Vickys Scottish Cranachan
- 350 ml double cream, coconut cream or see my recipe link posted below for cashew cream
- 3 tbsp medium gluten-free porridge oats
- 300 grams fresh raspberries
- 2 tbsp honey or agave nectar
- 2 tbsp whisky
- 1 tbsp caster sugar or to taste
- Toast the oats by spreading them out on a baking sheet and grilling / broiling until they smells rich and nutty.
- It won't darken quickly so use your sense of smell to tell when it's done!
- Let it cool
- Make a raspberry puree by crushing half the fruit and sieving it through.
- Sweeten to taste with a little caster sugar
- Whisk the cream until just set then stir in the honey and whisky.
- Taste the mix and add more of either if you feel the need.
- Stir in the oatmeal and whisk lightly until the mixture is just firm but don't over-whip the cream
- Use a clear bowl or glass so you can see all of the layers.
- Start with a layer of cream and oats at the bottom, then the raspberry puree and whole raspberries and keep alternating.

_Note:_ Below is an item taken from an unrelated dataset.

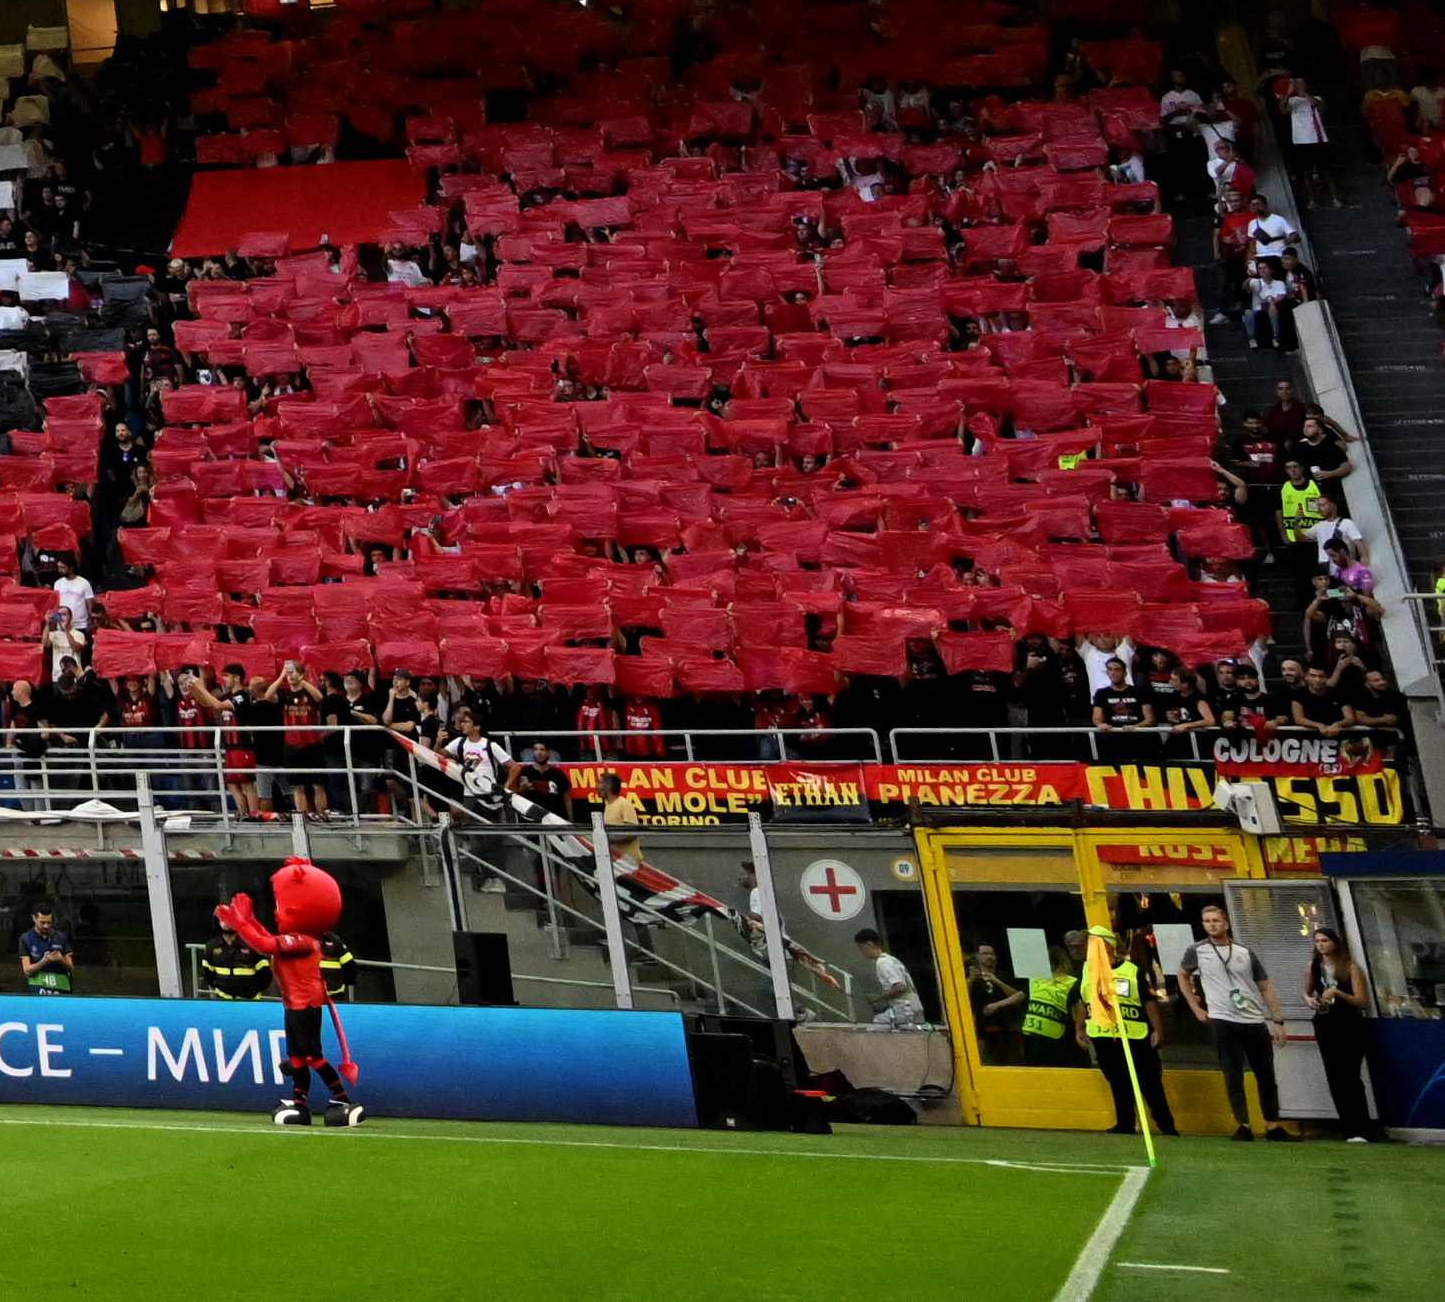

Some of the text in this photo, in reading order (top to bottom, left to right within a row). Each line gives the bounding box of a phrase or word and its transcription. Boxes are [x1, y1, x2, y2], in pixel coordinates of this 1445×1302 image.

- The top layer should be cream with a sprinkle of toasted oats on top.
- Allow to chill slightly before eatingand serve with a finger of scottish shortbread and a glass of whisky.
- Perfect for Hogmanay night!
cream, oats, fresh raspberries, honey, whisky, sugar
Taken from cookpad.com/us/recipes/334395-vickys-scottish-cranachan (may not work)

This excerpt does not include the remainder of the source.